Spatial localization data
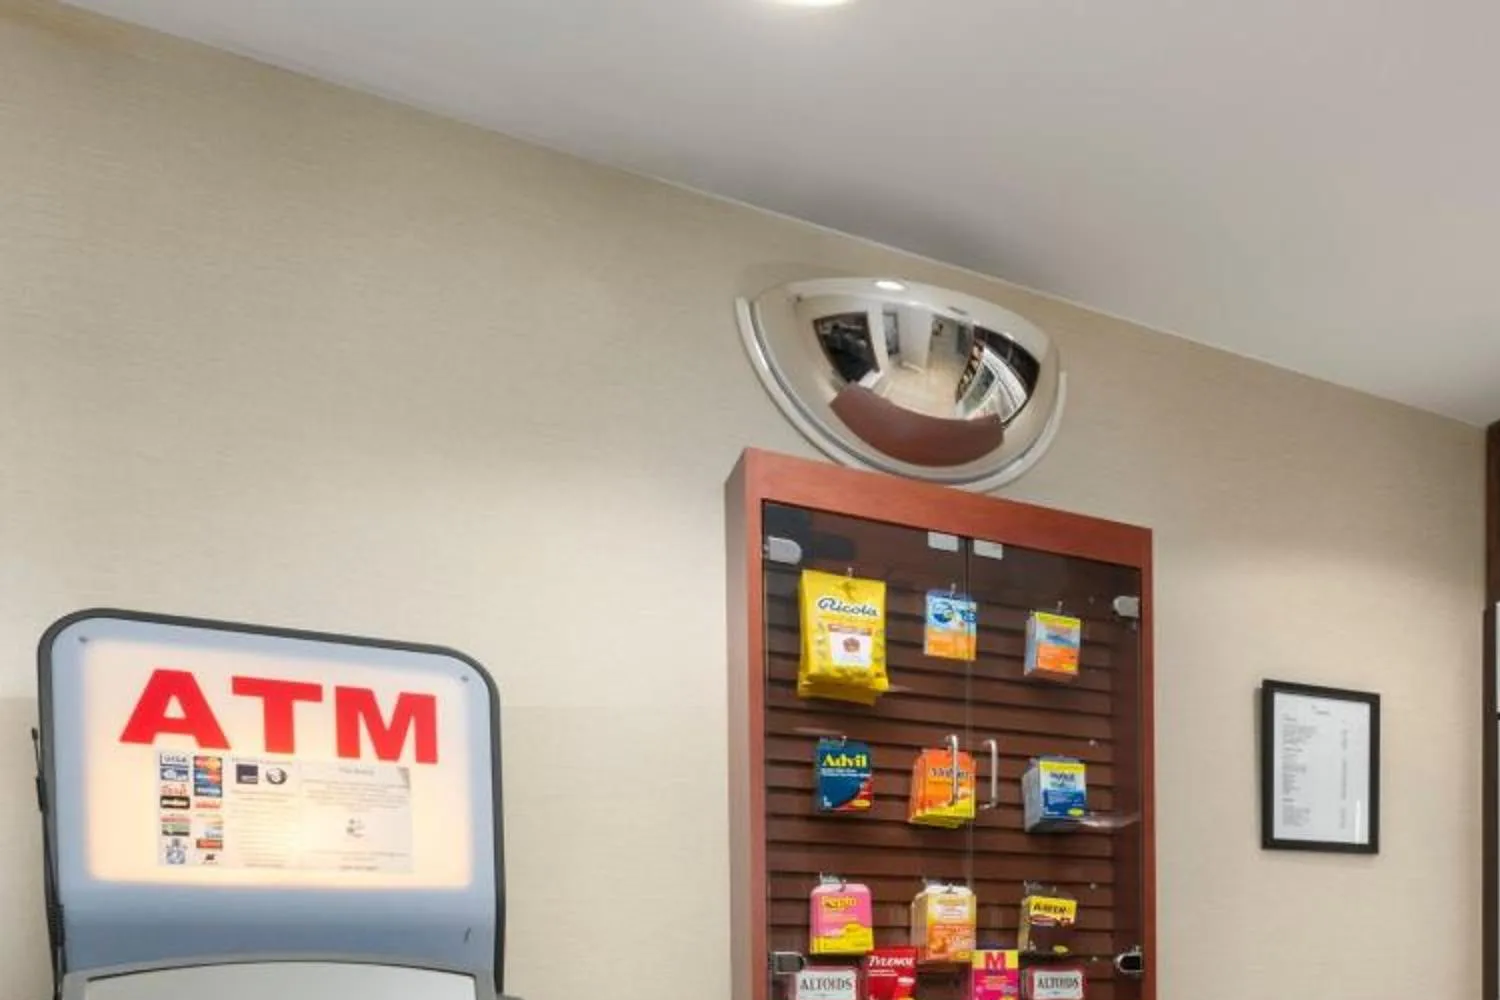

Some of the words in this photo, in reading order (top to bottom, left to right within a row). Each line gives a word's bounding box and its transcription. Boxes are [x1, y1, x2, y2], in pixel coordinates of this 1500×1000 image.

[817, 597, 878, 617] Ricola
[119, 668, 438, 765] ATM
[823, 753, 867, 769] Advil
[868, 955, 913, 968] TYLENOL
[800, 977, 853, 991] ALTOIDS
[1037, 976, 1080, 990] ALTOIDS
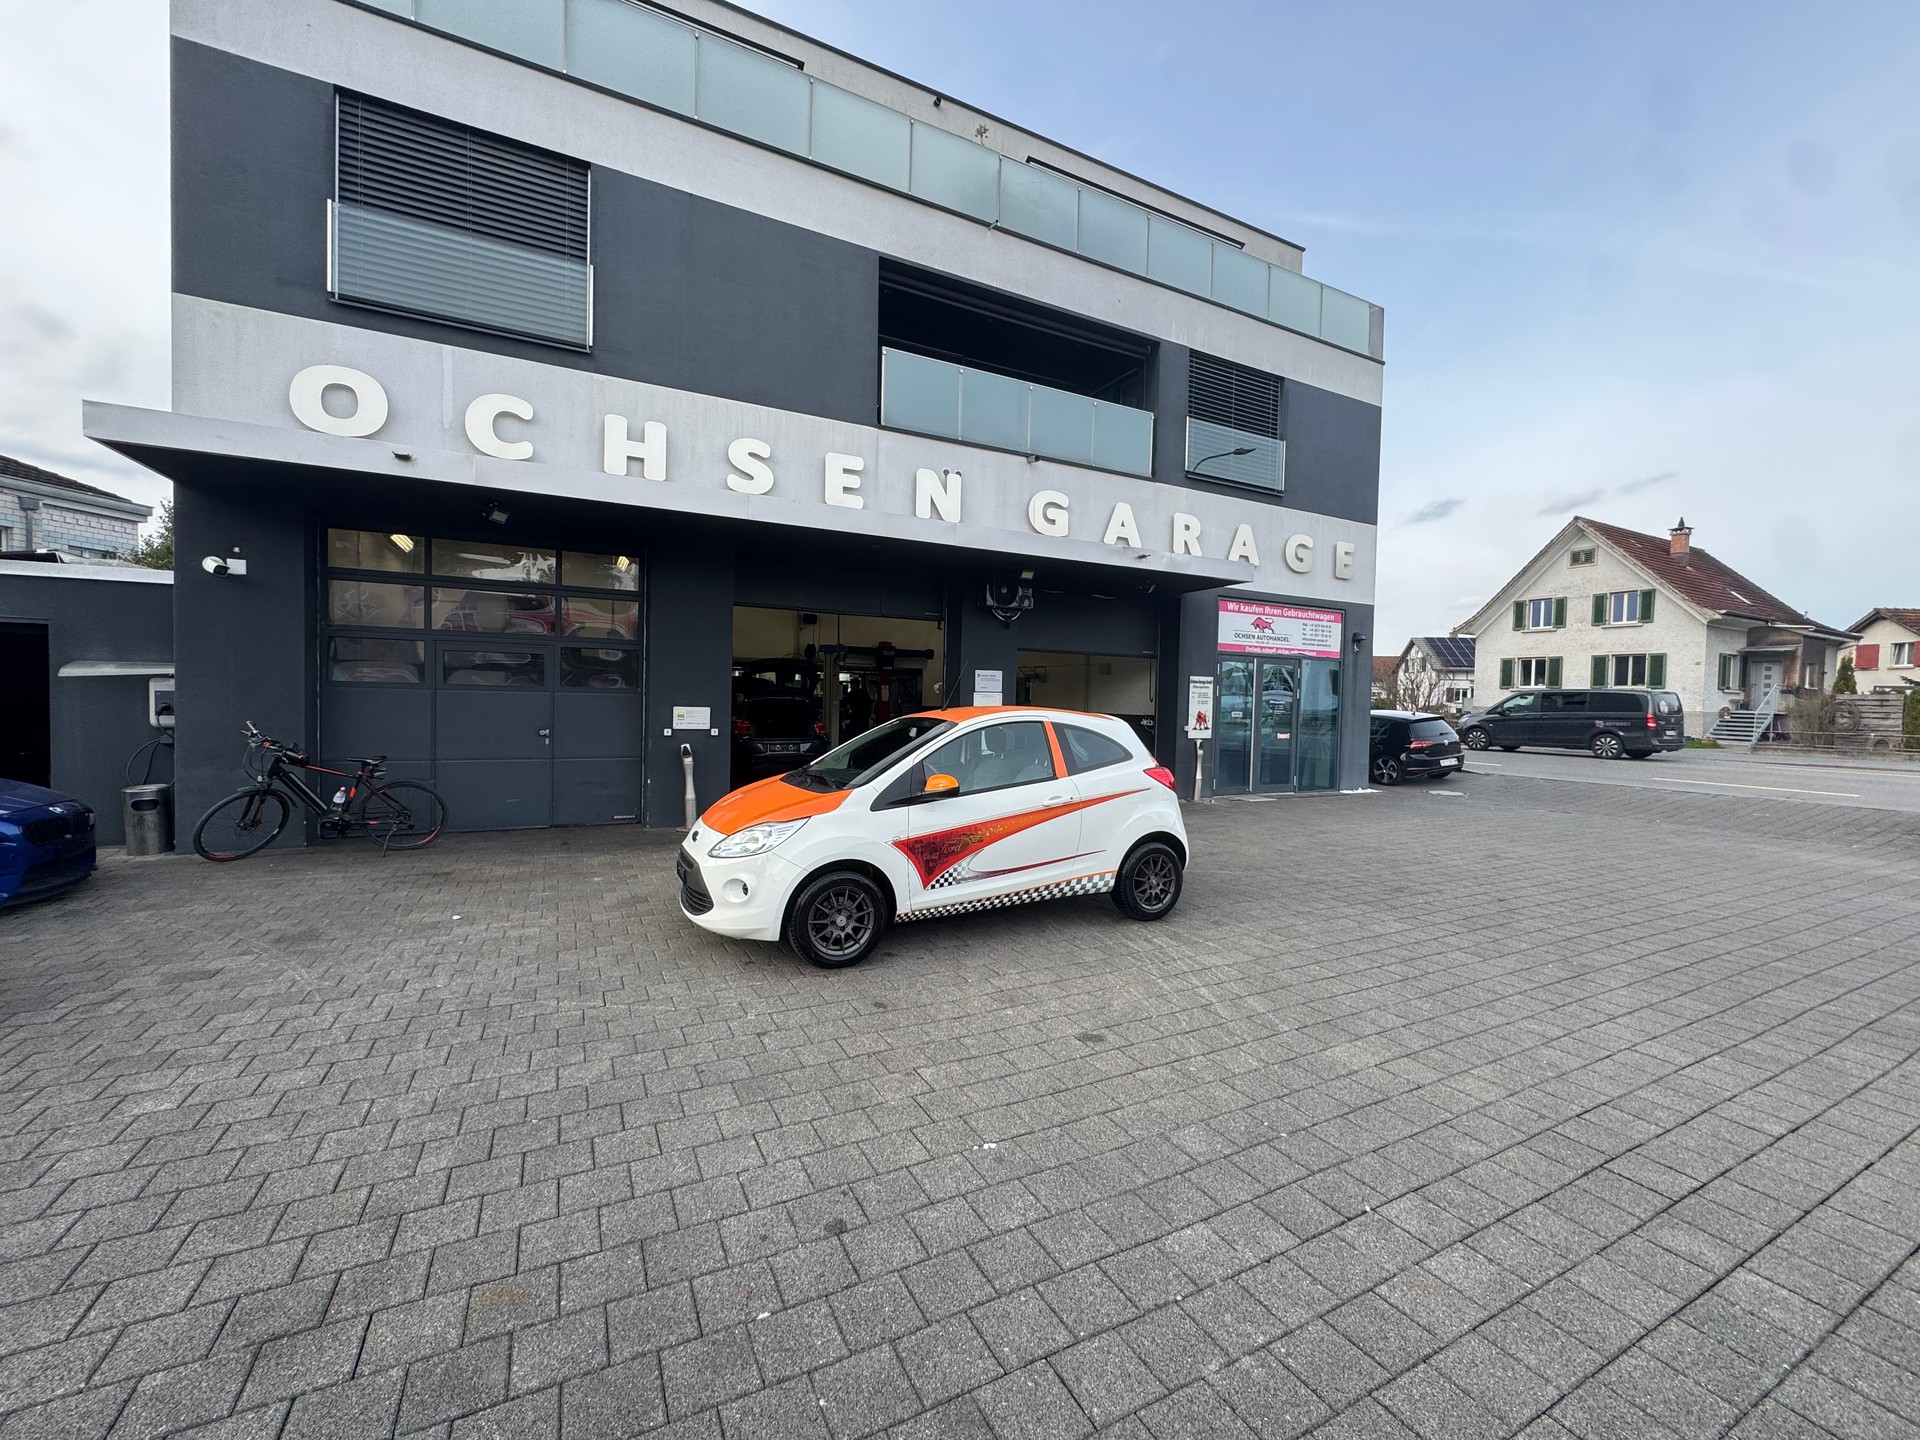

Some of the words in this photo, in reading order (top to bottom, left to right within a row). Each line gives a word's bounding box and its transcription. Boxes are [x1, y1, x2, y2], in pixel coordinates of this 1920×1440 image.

[289, 364, 961, 523] OCHSEN
[1028, 490, 1355, 579] GARAGE
[1227, 602, 1239, 611] Wir
[1240, 603, 1263, 614] kaufen
[1265, 606, 1282, 616] Ihren
[1283, 608, 1334, 621] Gebrauchtwagen
[1234, 632, 1255, 640] OCHSEN
[1256, 634, 1290, 643] AUTOHANDEL
[940, 840, 963, 853] Ford
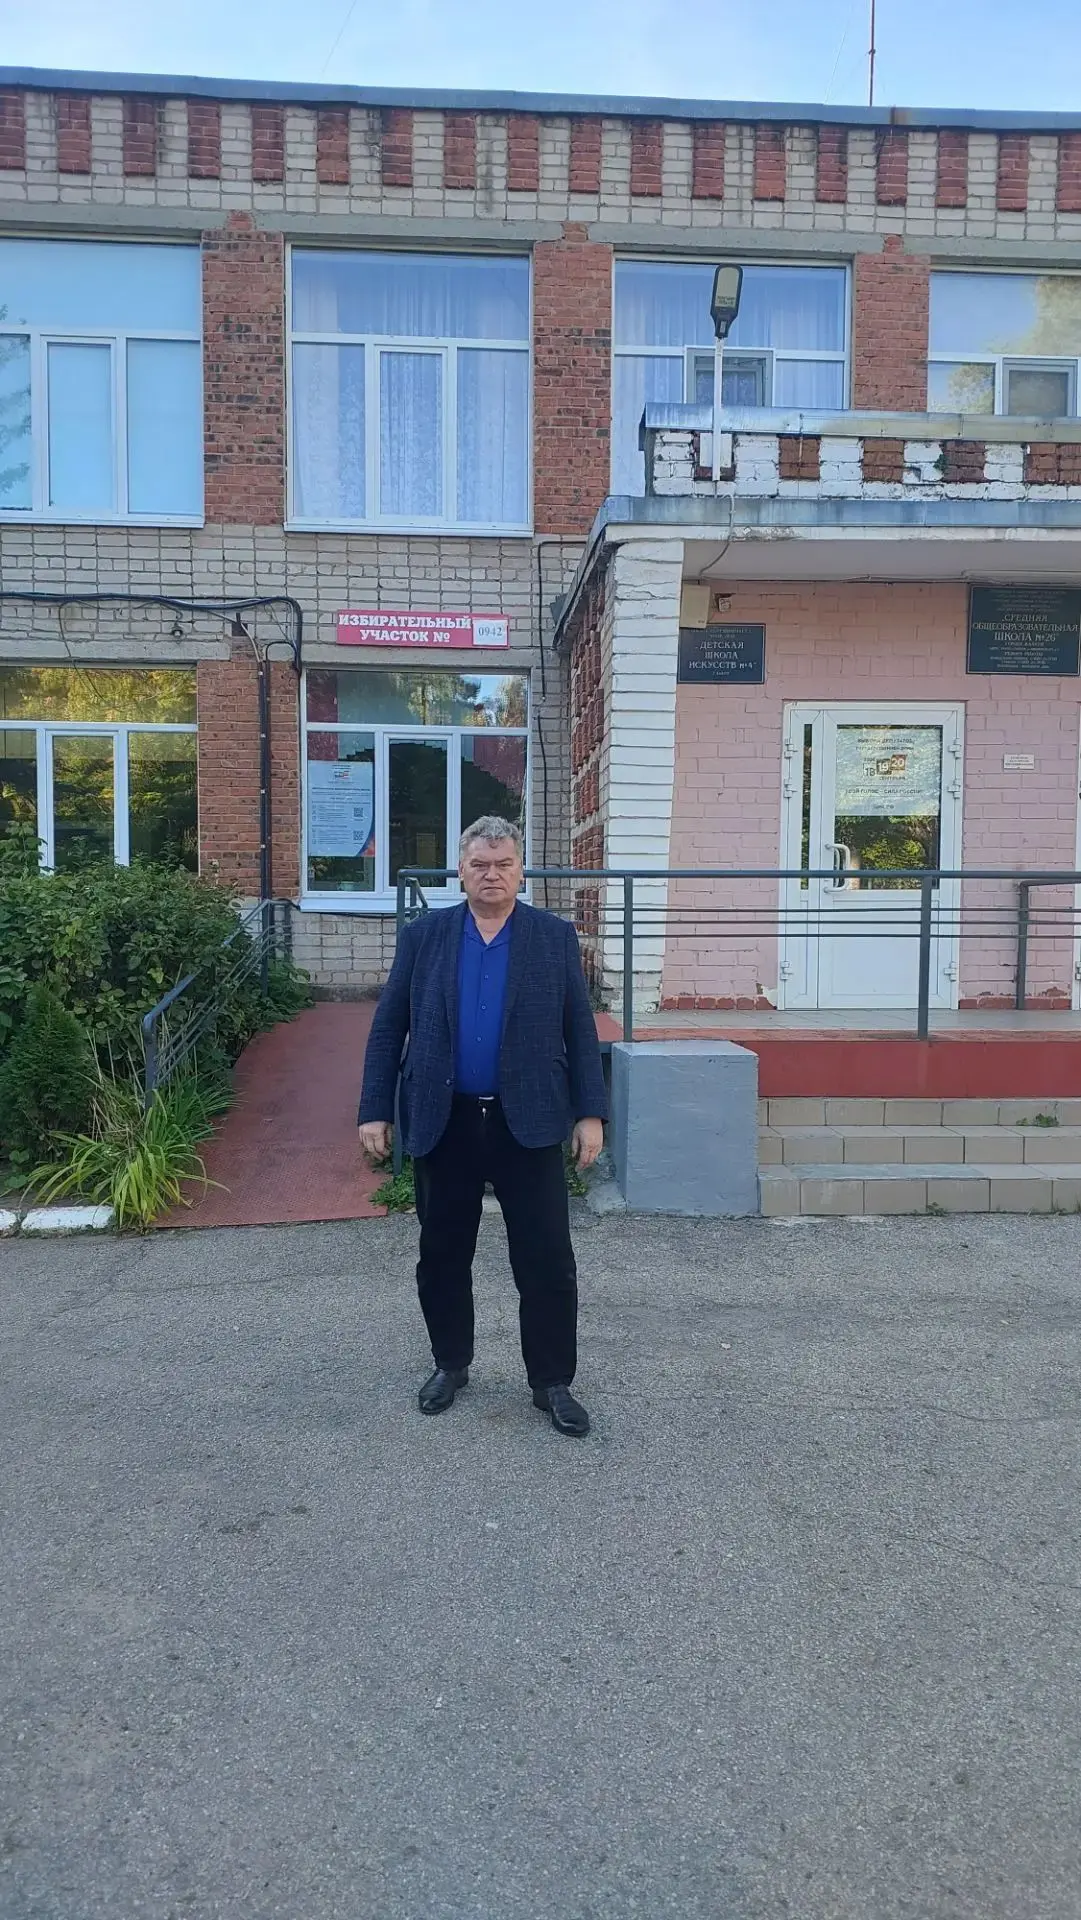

EXERCISE GOAL: Beginning with the line with "this 1920×1440 image.", repeat the entries above exactly, up to and including the last line, leaving out pictures.

REPLY:
Some of the words in this photo, in reading order (top to bottom, left to right within a row). Each line gives a word's bounding box and its transcription. Boxes are [x1, y1, x2, y2], in pixel coordinates of this 1920×1440 image.

[289, 364, 961, 523] OCHSEN
[1028, 490, 1355, 579] GARAGE
[1227, 602, 1239, 611] Wir
[1240, 603, 1263, 614] kaufen
[1265, 606, 1282, 616] Ihren
[1283, 608, 1334, 621] Gebrauchtwagen
[1234, 632, 1255, 640] OCHSEN
[1256, 634, 1290, 643] AUTOHANDEL
[940, 840, 963, 853] Ford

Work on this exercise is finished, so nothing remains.